Raw ddRad-Seq data must contain pieces of mtDNA sequences, but I did not come across to any resources showing how to fish for mtDNA sequences. Do you know anyone doing this? or do you know any softwares/packages that would help?
I'm lucky enough to have a reference chloroplast genome for the organism I'm working on so have been able to pull out this data from my ddRADseq reads. If there's one available for your study organism (or a closely related organism) then this is the way to go. There's probably an appropriate bioinformatics pipeline that would be able to do this for your whole data set for you (I'm just starting out so am not sure!), but otherwise importing the reference into a program like Geneious or CLC Genomics and mapping a portion of your reads might be a good start. Be aware that you may also pull out reads from nuclear copies of some of the mtDNA genes which can complicate the interpretation of the data.

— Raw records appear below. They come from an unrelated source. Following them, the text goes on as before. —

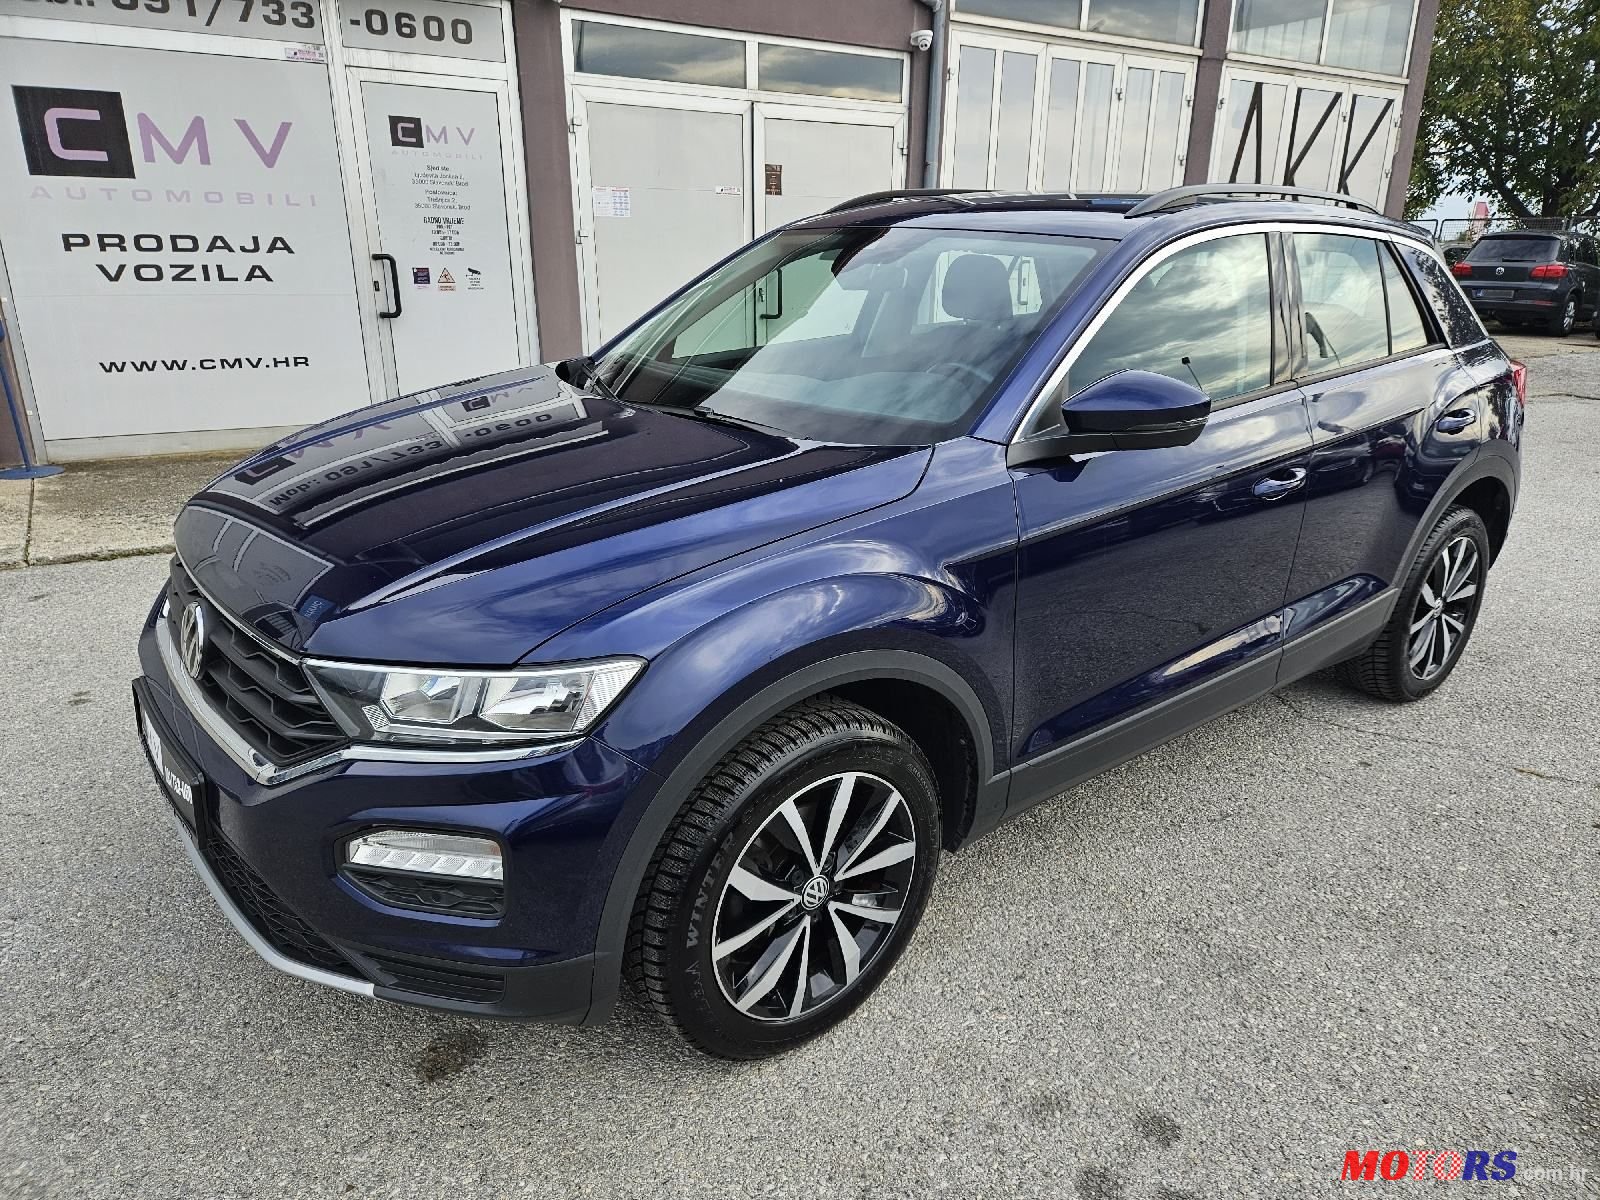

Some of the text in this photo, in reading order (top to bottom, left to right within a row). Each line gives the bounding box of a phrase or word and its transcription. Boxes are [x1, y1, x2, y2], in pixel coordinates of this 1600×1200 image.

[349, 9, 473, 45] -0600
[44, 107, 292, 168] CMV
[397, 122, 475, 146] CMV
[30, 186, 317, 207] AUTOMOBILI
[62, 233, 295, 254] PRODAJA
[95, 264, 274, 282] VOZILA
[99, 356, 310, 373] WWW.CMV.HR

We have used RNA miseq read to map to a reference genome, if you have a reference genome you can probably align the mtDNA present to the reference genome.
The simply rational as to why there are no programs for fishing out mtDNA from ddRAD data is that there are almost no mtDNA loci in data for organisms that have a large genome size (which makes up most if not all ddRAD projects). For example, a human nuclear genome is ~200,000 times larger than its mitochondrial genome, thus if you assume that restriction sites are randomly distributed then you would expect one out of every 200,000 loci would be a mtDNA locus. Thus, the probability that of getting even one mtDNA fragment in a ddRAD data set is rare.
If you did want to see if there were any mtDNA loci in your ddRAD data you could run your data there pyRAD which creates a .loci file for each RAD locus. You could then blast each of these loci files against a blast database of mtDNA and see if any match. You may get a few matches, however it is far more likely that any matches you do get are actually nuclear copies of the mitochondrial genes than actually mitochondrial fragments.
You are absolutely right about RAD-seq data. Since RAD-seq uses a random shear step and no size selection you should get all fragments next to a restriction site in both mtDNA and nDNA. You can also do paired end sequencing end assemble rather large contigs and thus may be able to even assemble a mtDNA genome from a pair-end RAD-seq data set. I did not think about that before.
However, for ddRAD there is no random shear step and there is a size selection to reduce the number of loci in a library. Thus, most ddRAD libraries have fewer loci with higher coverage or more samples (although this is not always the case). This is the benefit of ddRAD, it is cheaper since there is no random shearing and you can reduce your library down to a much smaller number of loci, which allows you to pool more samples and still get high coverage. Thus, since you are only getting a subset of the total loci with ddRAD I would expect the probability of getting mtDNA loci out of the subset to be fairly low (although this will increase as you increase your size selection which will increase the total number of loci).
You could increase the size selection (i.e. 200bps-1000bps) for a ddRAD library and increase the sequencing effort and get more mtDNA loci, but this seems odd to do with ddRAD. However, I may be wrong. It would be interesting to see if you could do the same mapping for a ddRAD data set and see what you get. If you do get mtDNA loci from a ddRAD data set I think that Gozde would be very appreciative if you described the tools you used to do so.
I'd agree with the conclusion from the discussion between Max and Arthur above - because of the very small size of mtDNA genomes relative to nuclear genomes, and because the size selection step in RADseq protocols actually samples a small proportion of the total DNA in the library, it would seem to me that a RADseq approach would be a fairly inefficient way to get mtDNA sequence data.
It is hard. But it is not impossible (I just retrieved 549 reads, not a lot, but I was able to assign mtDNA haplogroup). For vertebrates, many archival tissues are muscle, i.e. pectoral tissue for birds. These are mtDNA enriched. When you do whole genome shotgun sequencing, we have found that up to 4% of the reads are mtDNA. Get a good reference genome for your mtDNA, and then use bbmap bbsplit. Then map in something like Geneious. Works well.
Out of curiosity was the 549 reads from ddRAD data and if so how many loci did you get and what is the genome size of the organism? Just interested to see how theory matches up with practice.
As Matthew stated it is not impossible but you don't get very many. For most of my ddRAD data, I went back and looked at a few individuals to see if there were any mtDNA reads in there. I typically found only 1-3 of the raw reads out of ~ million reads (pre-processed) per sample could be mapped to the reference mitogenome. After filtering and applying thresholds, our final ddRAD datasets usually consists of around 4000 loci. Genome size is about 1.2Gb.